# Scrabble tabble



## JoshD (7 Jan 2021)

This is actually something I did a few months ago (birthday present for my wife). It's a scrabble table---as long as you're enough of a hard core scrabble nut to be happy with the power squares being colour-coded (pink, red, lt blue, dk blue). It's made from walnut solids: I cut up a slab and acclimatised it to indoor conditions while gradually handplaning it down to final size. So far, no warping! The letters are held in place by 3mm dowels cut from bog oak and sycamore, with the lighter wood showing the power squares: super fiddly to cut. The big curved leg is offset to allow you to slide the table under a sofa. It's made from a sustainable hardwood called ipe, comonly used for hardwood decking. I ripped it into strips with 6degree bevelled sides, glued it, and blackened it by fuming with ammonia ...


----------



## gregmcateer (7 Jan 2021)

Bloody hell!
That is a work of art - I'd be scared to damage it through use.
Amazing


----------



## JoshD (7 Jan 2021)

Thanks! it's pretty damn solid, we play scrabble on it most days


----------



## Yojevol (7 Jan 2021)

Wonderful job. 
Some more details on how it was made would be interesting, eg, how the 1000 odd holes and dowels were made.
Brian


----------



## akirk (7 Jan 2021)

love it - but intrigued... what was your thinking behind having the dowels rather than for example inlays - was it to hold the tiles in place as you rotate the top? don't think that my scrabble board has any means of holding the tiles in place and that hasn't been a big issue...


----------



## JoshD (7 Jan 2021)

akirk, yes indeed the dowels keep the pieces in place as you rotate the board (it has a built in ball-bearing turntable that you can see in one of the photos). I had thought of using wooden dividing strips but I wanted to be able to show when the square is a power square in a way that you can see when the tile is in place. I also wanted to emphasise the continuity of the grain of the slab. Both these factors pointed towards the dowels.

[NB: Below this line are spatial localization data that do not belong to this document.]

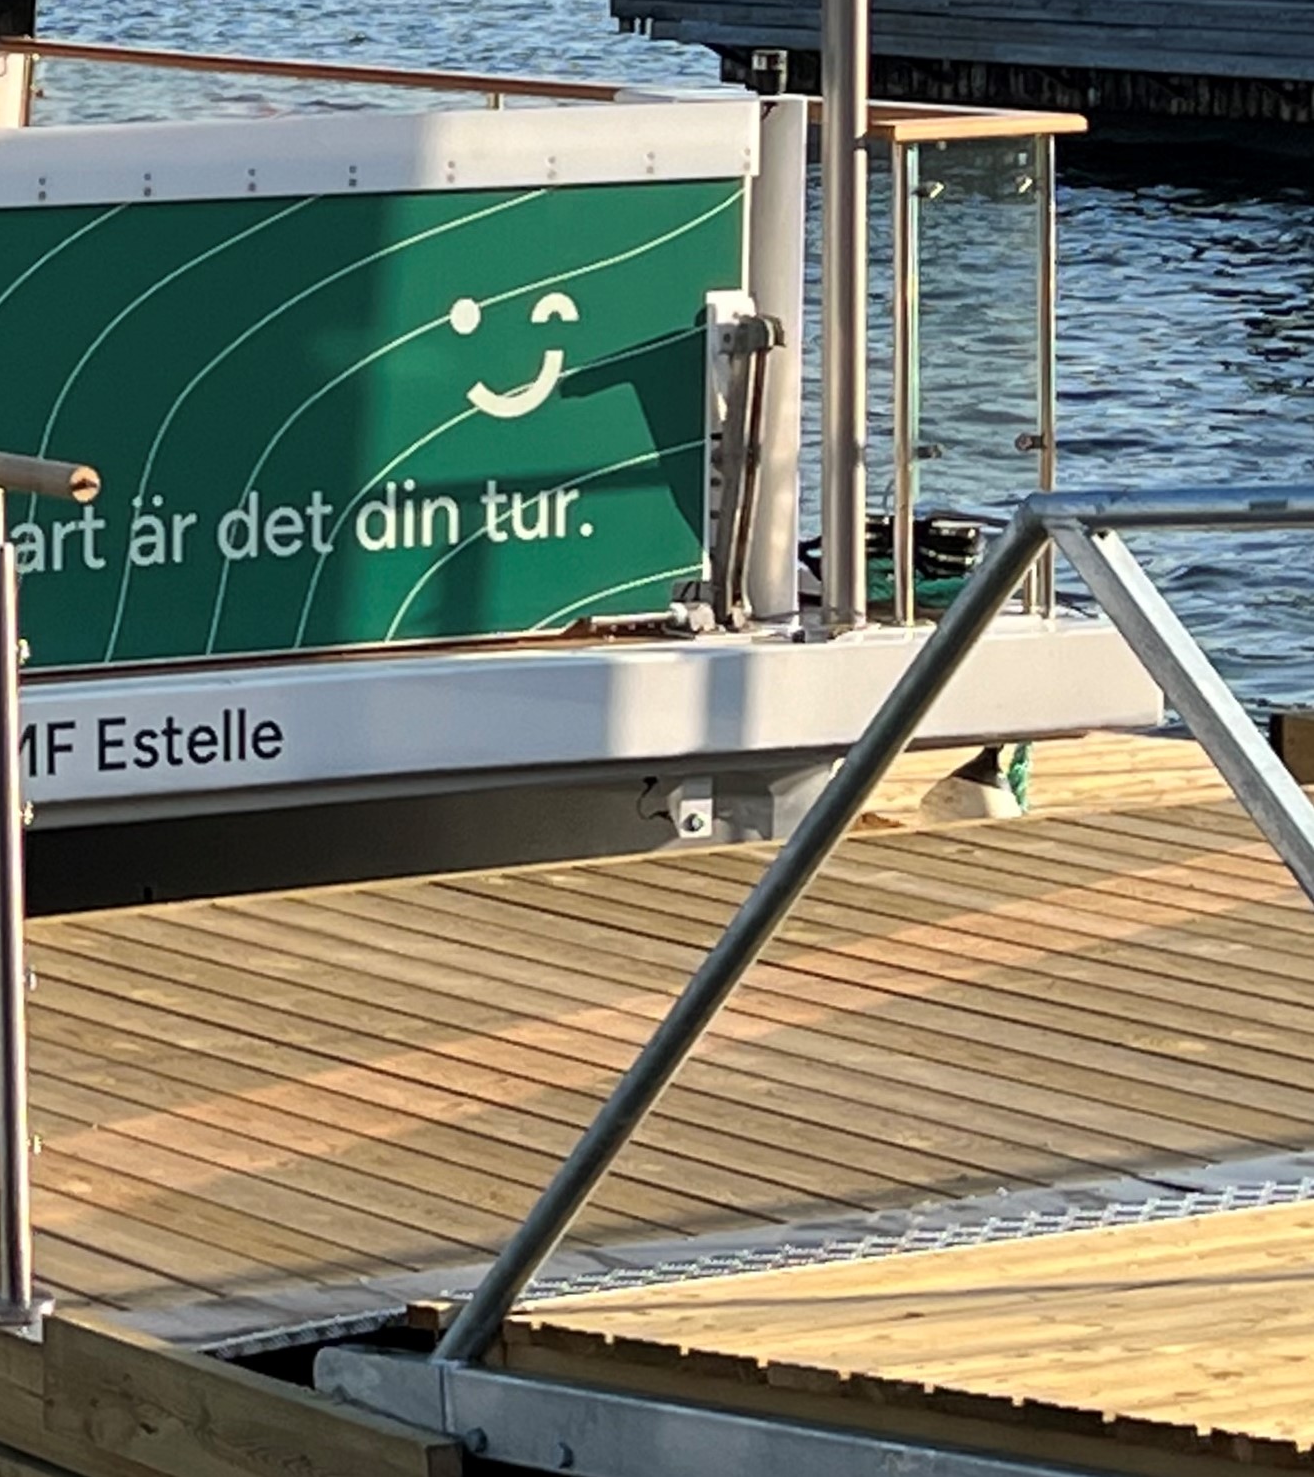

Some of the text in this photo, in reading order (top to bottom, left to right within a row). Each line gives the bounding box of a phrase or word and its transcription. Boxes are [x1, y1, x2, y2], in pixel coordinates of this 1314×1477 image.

[129, 495, 196, 566] är
[217, 490, 333, 560] det
[355, 479, 460, 551] din
[484, 478, 595, 543] tur.
[97, 708, 283, 772] Estelle

Yojevol, as you say there are nearly a thousand little dowels in there. drilling the holes and popping the dowels in sounds like the hard bit but its relatively easy. I layed out the grid on a sheet of 1.6mm plywood and kept it in place as I drilled all the holes through into the board. That meant that I could cut the dowels all flush to the ply, sand down the cut tops of the dowels, then peel away the ply to reveal the finished board (I oiled the main slab before all this).

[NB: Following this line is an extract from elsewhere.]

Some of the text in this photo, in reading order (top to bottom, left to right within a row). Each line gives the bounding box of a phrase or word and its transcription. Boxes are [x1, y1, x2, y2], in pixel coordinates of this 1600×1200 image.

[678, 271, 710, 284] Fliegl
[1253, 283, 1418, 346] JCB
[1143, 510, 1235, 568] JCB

The hard bit is actually making the dowels. I attach a photo of my dowel maker: you start off cutting say a 5mm square rod, pop it in a drill chuck and spin it through successively smaller holes drilled in a piece of steel. It helps quite a lot to cut an angled slot from the edge of the steel in to the hole: you can sharpen the cut edge and it acts as a cutter. Works a treat to make any size dowel ... except when the dowels get down to 4mm diameter or less when they just want to splinter given the slightest opportunity. I just persisted, trying always to be gentle, to use straight grained wood, and not to be too ambitious on length, probably 200mm max.

I'm working on a mark 2 dowel maker where I still spin the dowel in a drill, but use the high-speed rotating blade of a router to do the cutting. Works in principle but very fiddly to set up ....


----------



## billw (7 Jan 2021)

That's a definite labour of love. Great work! How many hours did the top take?


----------



## Richard Berry (7 Jan 2021)

Nice work! This is way better than the backgammon board I made.

You lose scrabble points for the thread title though.


----------



## JoshD (7 Jan 2021)

As regards time, well the time consuming thing was fixing all my cock ups! The whole project took me a couple of months, but the things that look fiddly were quick: about a day to mark up the plywood template for the dowel holes, 2-3 days making dowels, a day putting it together. 

But preparing the three circles of wood was pretty time consuming: my walnut slab had shakes and cracks, so my first step was to stabilise the slab by setting it in epoxy, then cutting/sanding the epoxy off so that it was left in the shakes and cracks. There was a lot of hand planing then to get the workpieces to thickness. After each bout of planing I brought the slabs back into the house and monitored them for warp over the next few days.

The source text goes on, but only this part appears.